Dr. Clemens Hong, MD, MPH Talks About LA County’s Whole Person Care Waiver Program

Dr. Clemens Hong MD, MPH Director of Whole Person Care Los Angeles
Dr. Clemens Hong MD, MPH Director of Whole Person Care Los Angeles

At Eccovia we love to highlight the great work our clients and partners are doing to provide patient-centered care in their communities. The Los Angeles County Department of Health Services is building an integrated, county-wide health system that delivers coordinated wrap-around services to approximately 80,000 of the most vulnerable and high-risk individuals living in the county. On June 30, Dr. Clemens Hong, MD, MPH, Director of Whole Person Care and Medical Director of Community Health Improvement, joined Neal Howard from Health Professional Radio to discuss their innovative program. We are pleased to provide a segment of that conversation here.
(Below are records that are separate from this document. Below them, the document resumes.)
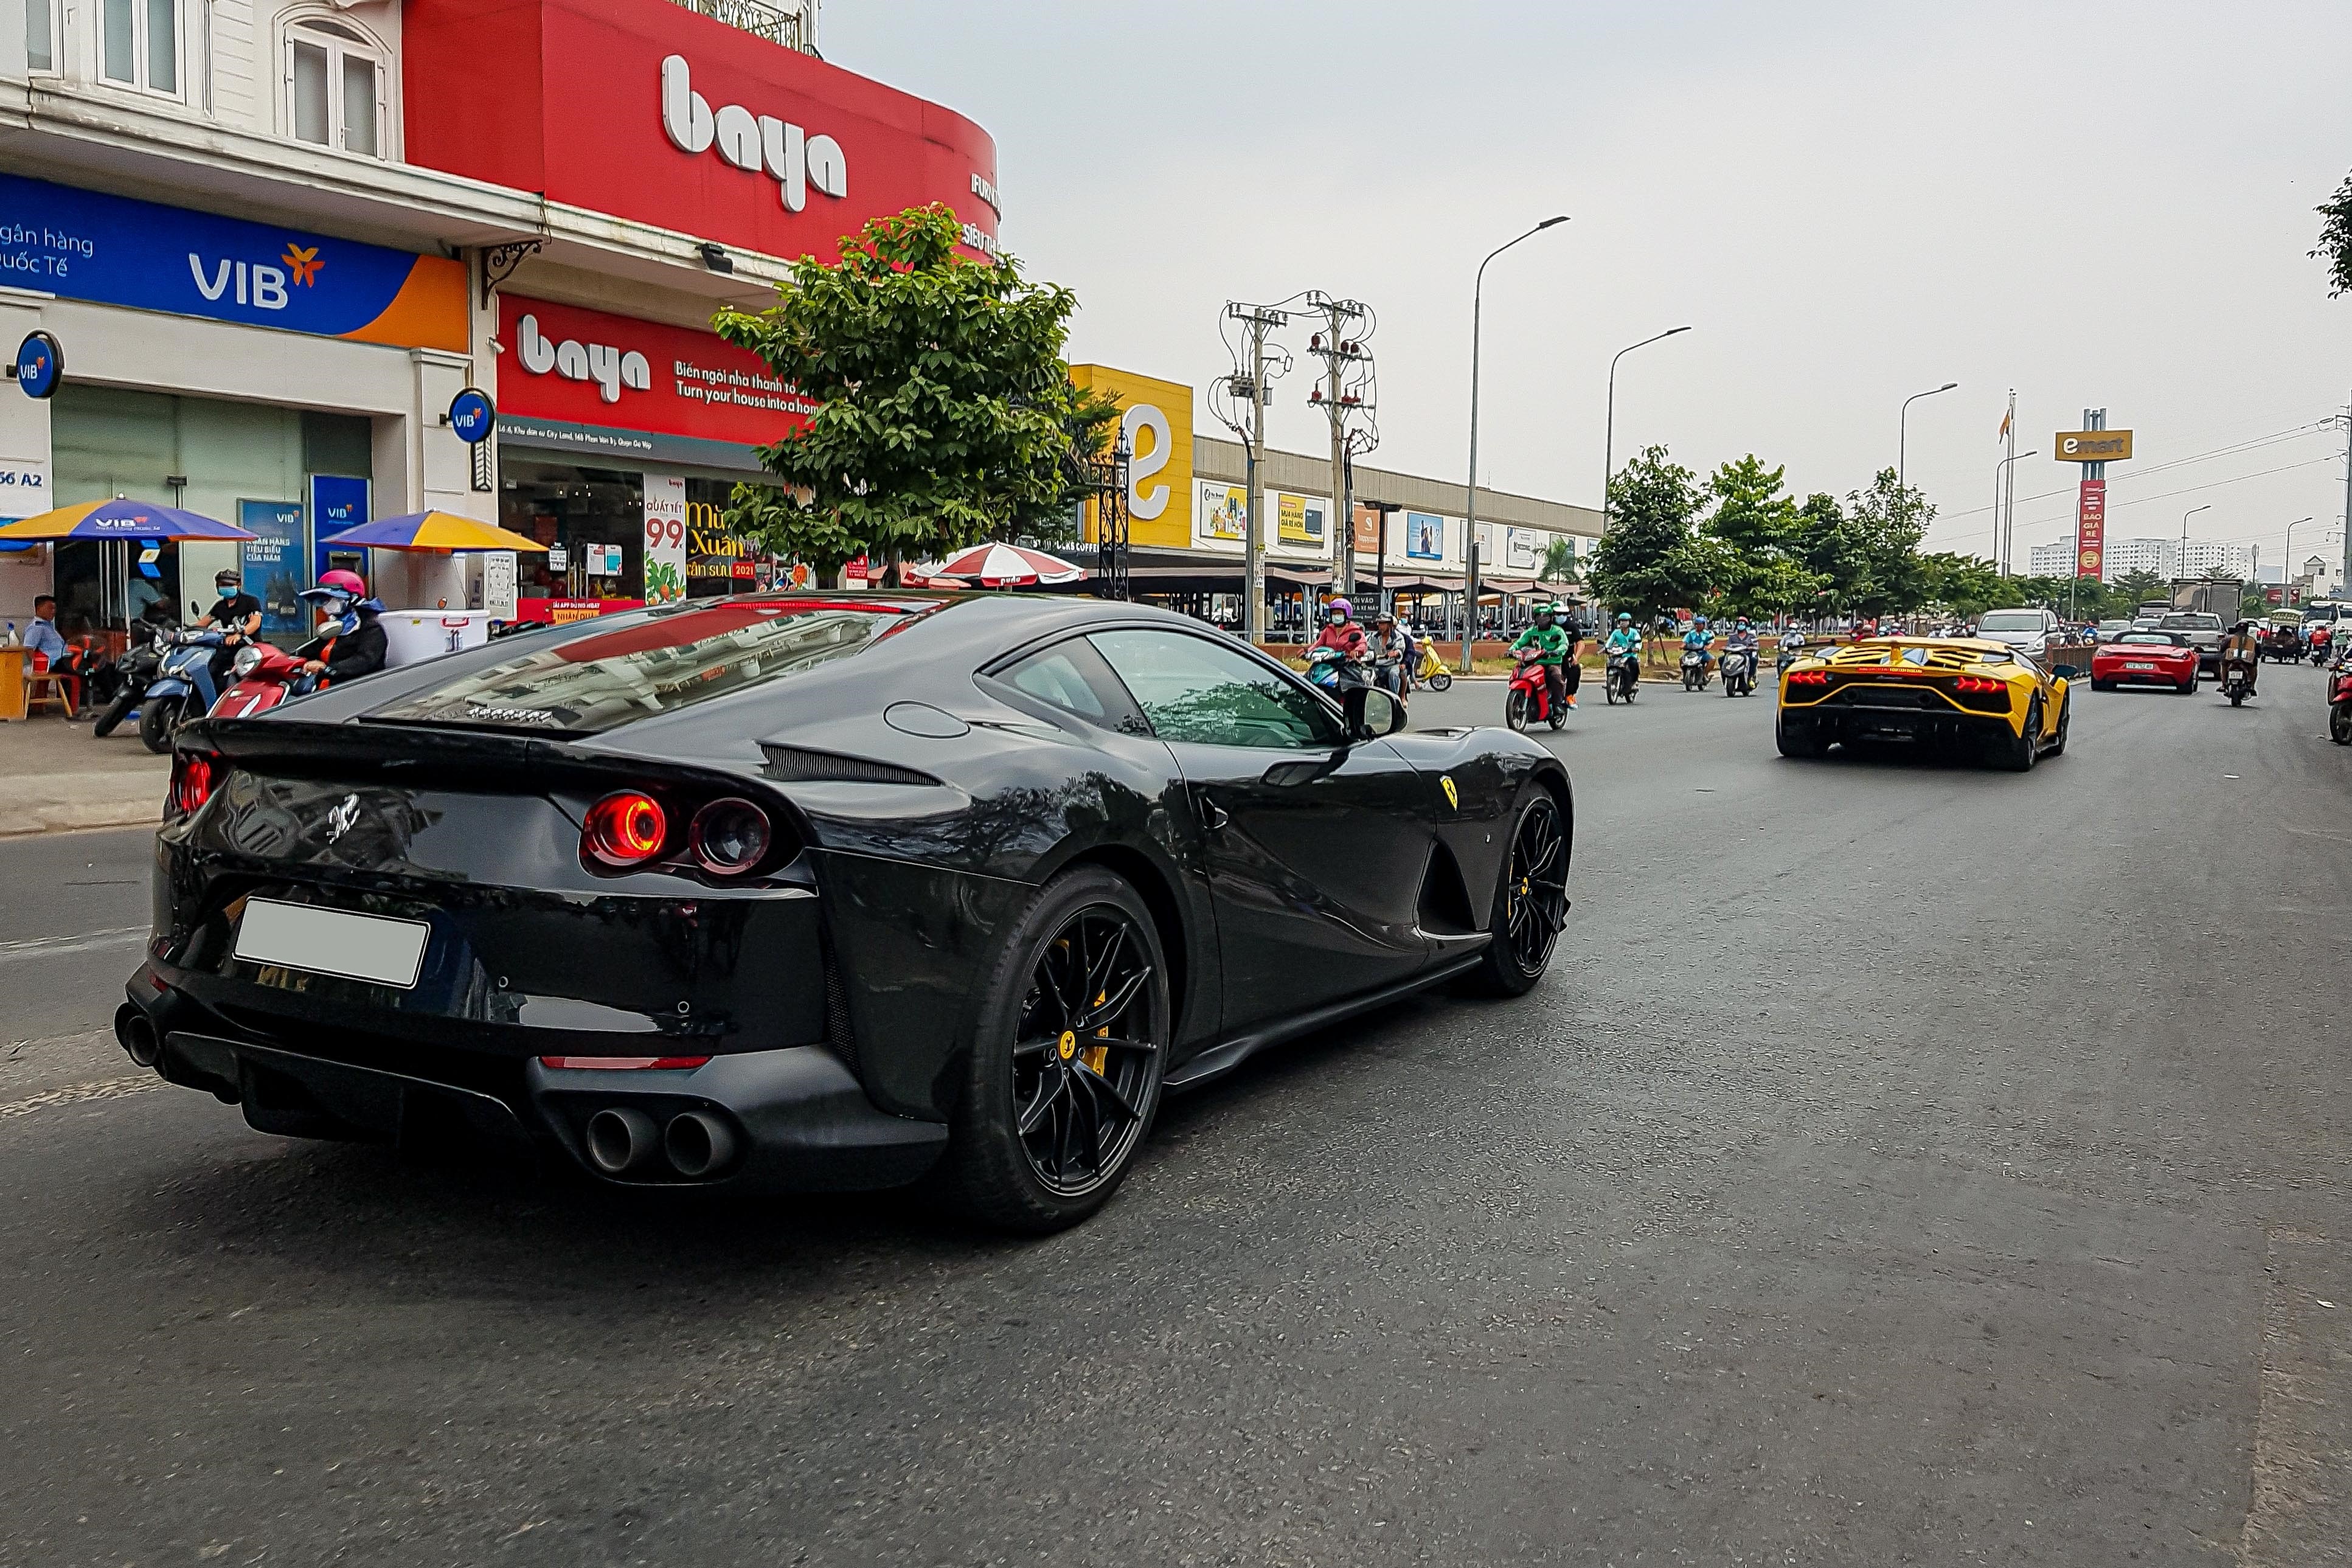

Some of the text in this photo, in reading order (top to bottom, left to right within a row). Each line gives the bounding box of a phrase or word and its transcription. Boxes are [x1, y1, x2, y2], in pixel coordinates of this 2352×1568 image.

[662, 54, 847, 212] baya
[0, 223, 93, 258] gân hàng
[0, 251, 68, 277] uốc Tế
[189, 252, 288, 310] VIB
[20, 364, 38, 379] VIB
[518, 314, 651, 403] baya
[675, 361, 699, 378] Biến
[676, 381, 819, 415] Turn your house into a hom
[456, 415, 474, 427] VIB
[2063, 437, 2124, 454] emart
[1123, 404, 1172, 521] e
[21, 472, 42, 487] A2
[95, 518, 136, 528] VIB
[276, 512, 294, 524] VIB
[328, 507, 347, 518] VIB
[685, 501, 731, 531] Mù
[647, 518, 684, 550] 99
[690, 527, 744, 558] Xuân
[735, 565, 754, 575] 2021
Neal Howard: We’re here to talk about this new Whole-Person Care program. What is it and why was it created?

Dr. Hong: The Whole-Person care pilot program is part of the 1115 Medicaid waiver which is a contract that the state of California signed with the Centers for Medicare and Medicaid services to provide Medicaid services here in California. Part of this was a pilot program that they put into place to take care of some of the sickest and most vulnerable residents at the county level. The funds are provided to county departments to serve a subset of the highest risk individuals that we serve in our county (individuals who are homeless). In our case in Los Angeles, the individuals may be justice involved, suffer from serious medical illness, substance use disorder or significant medical illness. This group of individuals (through the Whole-Person Care pilot) have an opportunity for additional services that many would put in the sphere of care management or care coordination services.

Neal Howard: This is an extremely non-traditional outreach with these non-traditional types of patients. Do the same privacy guidelines apply when it comes to tracking these individuals, identifying them, and getting the care to them that they need? What type of a platform can you possibly use to put all of that non-traditional information together in a useful fashion?
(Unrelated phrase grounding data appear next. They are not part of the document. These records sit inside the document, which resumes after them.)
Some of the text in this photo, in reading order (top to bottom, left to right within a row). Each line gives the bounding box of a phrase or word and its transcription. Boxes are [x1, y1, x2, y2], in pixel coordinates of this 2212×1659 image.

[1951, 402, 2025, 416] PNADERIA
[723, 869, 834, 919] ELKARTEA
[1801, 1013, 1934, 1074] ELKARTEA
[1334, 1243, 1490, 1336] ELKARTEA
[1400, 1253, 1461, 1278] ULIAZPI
Dr. Hong: This is where we have really done a lot of thinking and work with a partner of ours, which is Eccovia Solutions and their ClientTrack tool. It is a platform that we are trying to put on the ground here to really solve a lot of these, I would say, dis-integration issues in the way that information and health information is shared among different teams that are out there trying to provide coordinated care for these individuals. Like you alluded to, these are not the average clients that have any handful of issues that can be addressed predominantly in one or two settings. These are individuals that often have multiple case managers working across multiple settings.

This raises the need not only for information sharing but also a place where, perhaps, something such as a care plan—which is a place where we’re actively creating different activities and action steps that we are working with a client on—can be shared in views, so that multiple case managers and individuals involved in care can see what the status of any of the given application or set of services. For instance, if we wanted to refer someone to a food program like Snap, we could follow the status of that through one platform so we don’t have multiple case managers in three settings submitting applications.

This is made possible in our system through a series of IT platforms, but one really critical piece is that front-end platform that we contracted Eccovia for. It really allows us to keep that care plan in one place and—through a portal—make that care plan accessible to others. You alluded to some of the challenges in terms of data and sharing that data; we put together a robust consent process here, working with our county council, and this process will be managed with the support of this IT platform.

Eccovia applauds the continued efforts made by the Los Angeles County Department of Health Services to improve the health and overall well being of their highest risk constituents.